As a craft brewer who fills both glass bottles and aluminum cans with delicious beers, we inevitably receive questions (and have our own) regarding the environmental impact of each container. In this blog post, we share what we’ve learned around the sustainability of cans and bottles.

Friday, April 20, 2012 - 2:05pm

CONTENT: Blog

As a craft brewer who fills both glass bottles and aluminum cans with delicious beers, we inevitably receive questions (and have our own) regarding the environmental impact of each container. A comprehensive, unbiased study comparing the total environmental impact of glass bottles to that of aluminum cans does not exist. So we see a lot of guessing going on out there and many of those guesses are being stated as though they were ultimate facts.

Below are some questions we hear often along with answers based on the research we’ve done. Remember, though, that since a comprehensive study has never been conducted, we don’t really know which container is ultimately environmentally superior.

 

Which container is sustainable?

Neither! Both containers have a net negative impact on the environment.

 

Okay, well which container comes closest to being sustainable?

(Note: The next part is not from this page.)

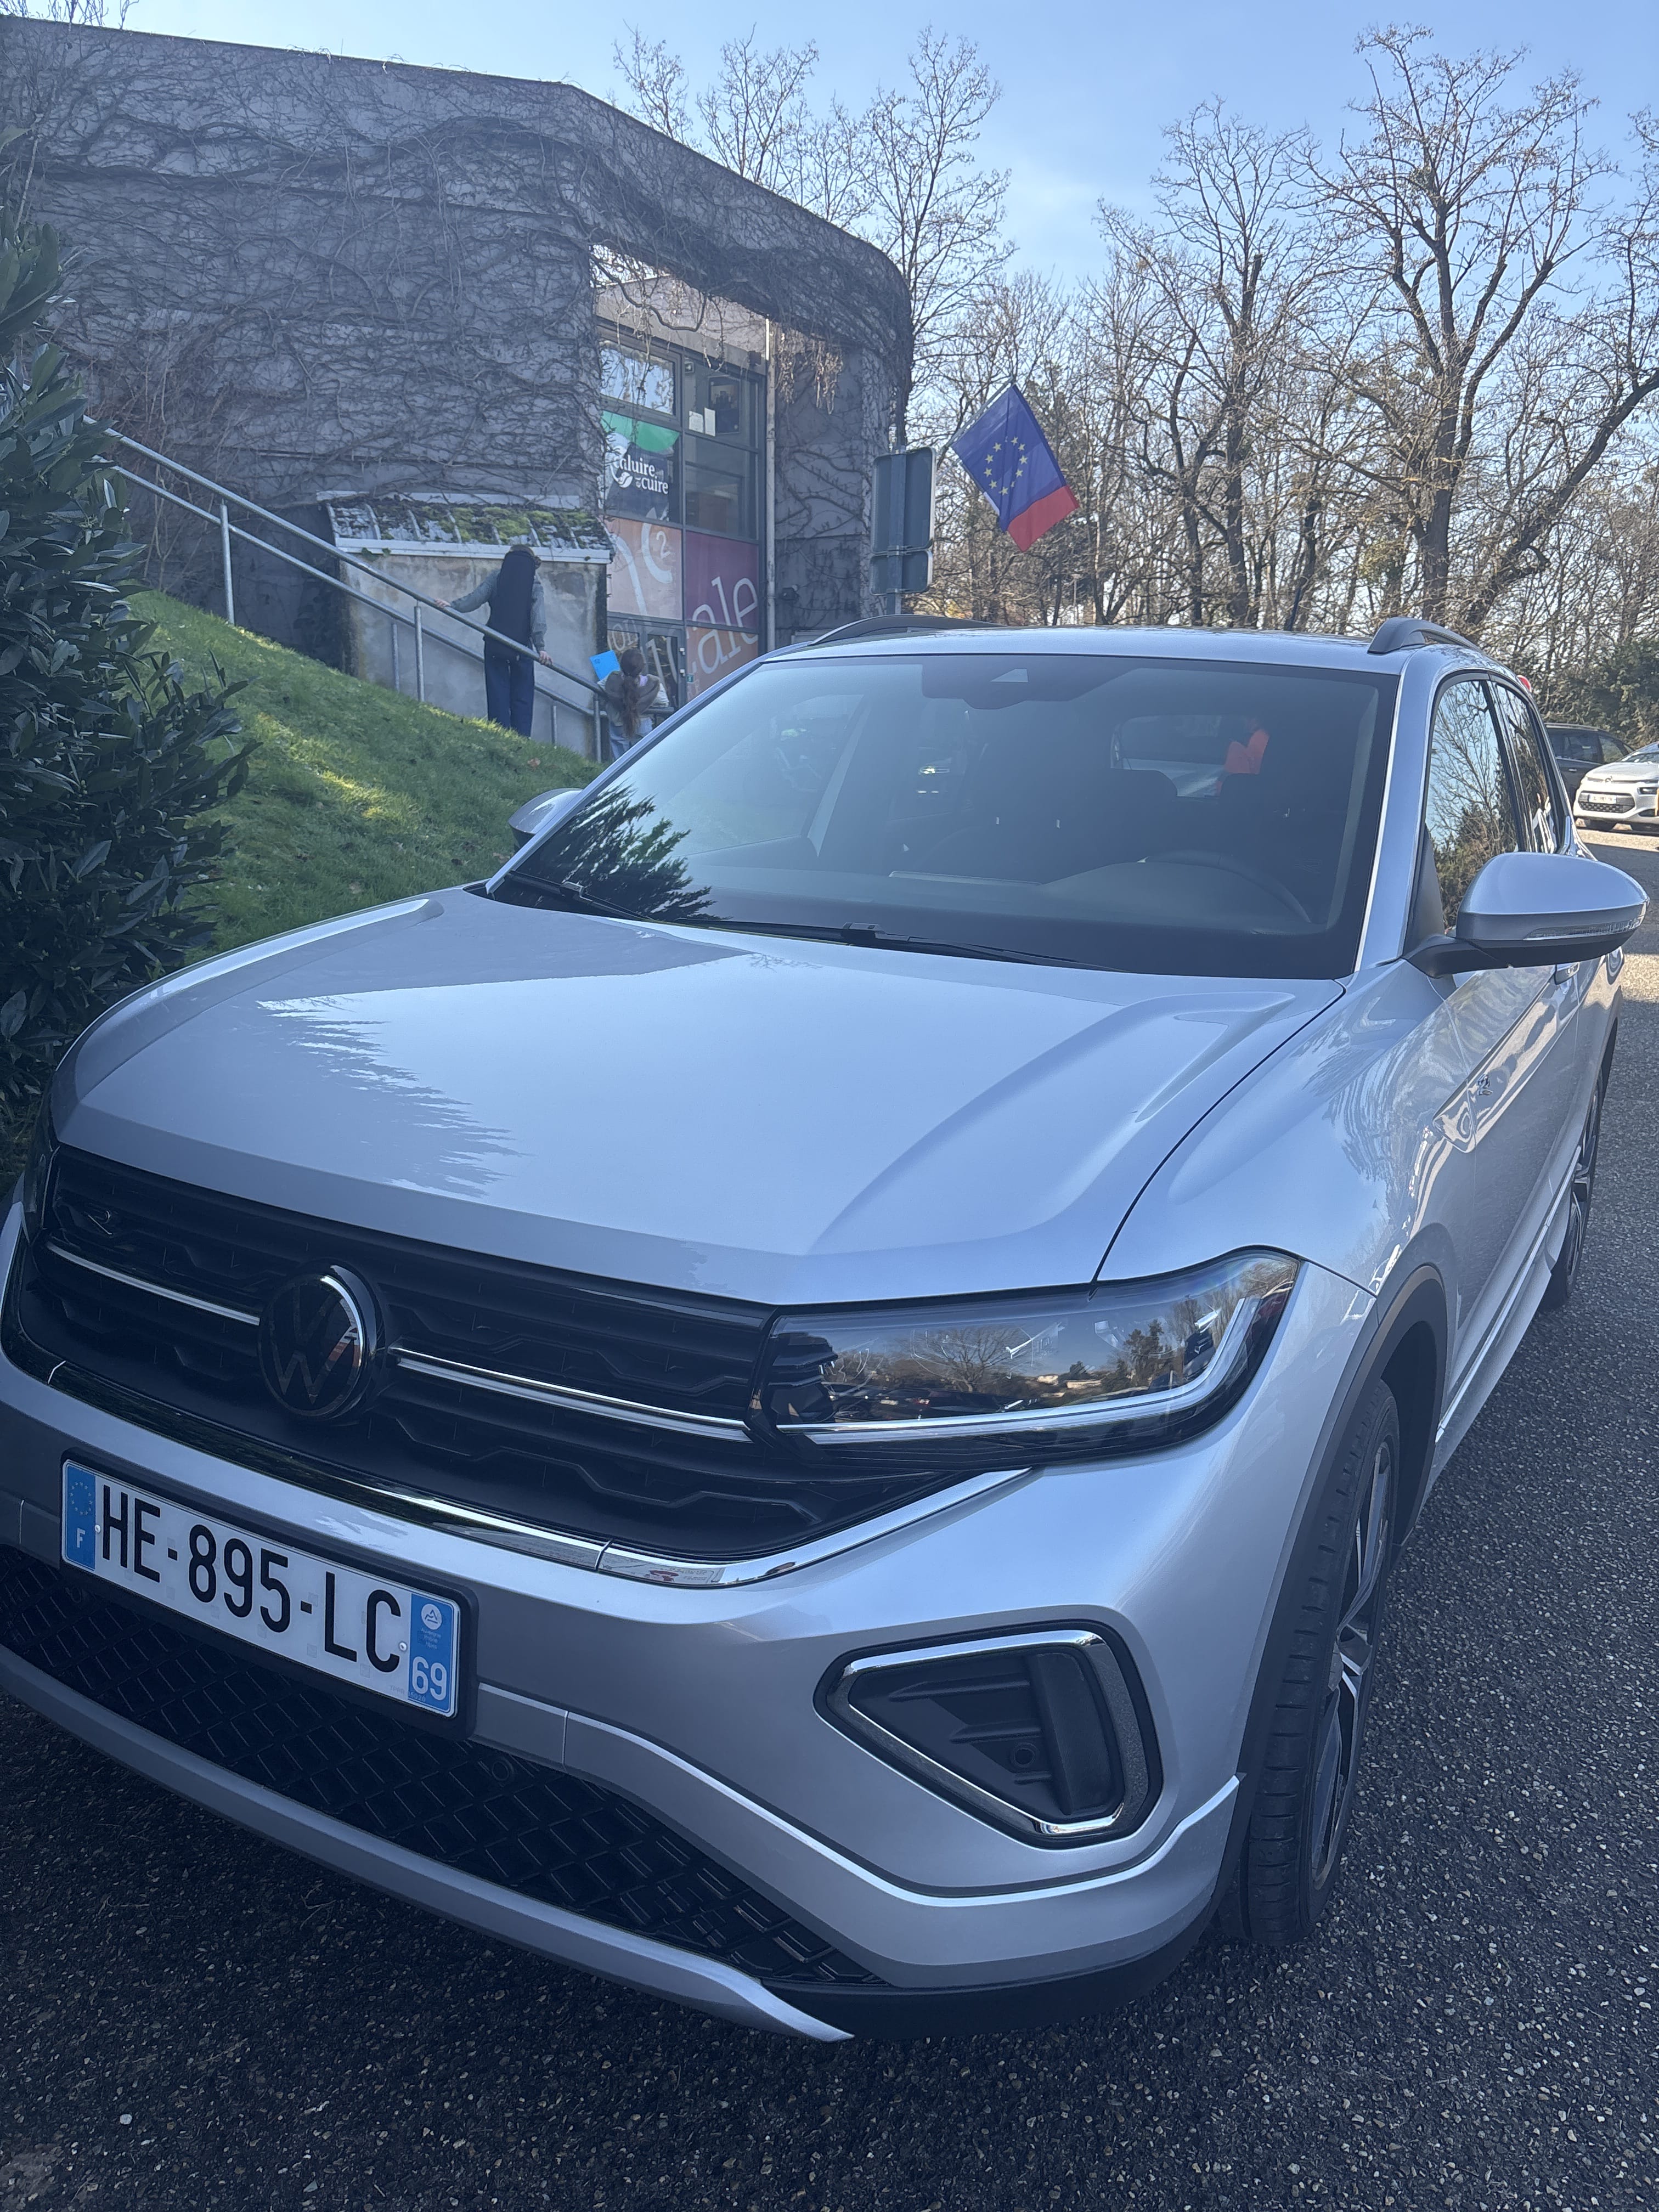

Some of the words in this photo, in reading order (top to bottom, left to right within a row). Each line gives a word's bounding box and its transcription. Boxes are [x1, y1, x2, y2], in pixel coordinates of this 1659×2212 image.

With the data we have reviewed, no clear winner.

The beginning of the lifecycle of the aluminum can (mining of bauxite, smelting of aluminum) has a larger impact than glass. But later in their lifecycles, the glass bottle has the larger impact (heavier to transport and more difficult to recycle). At the end of the day it’s possible they even out.

The best container is the one that ends up in the recycling bin.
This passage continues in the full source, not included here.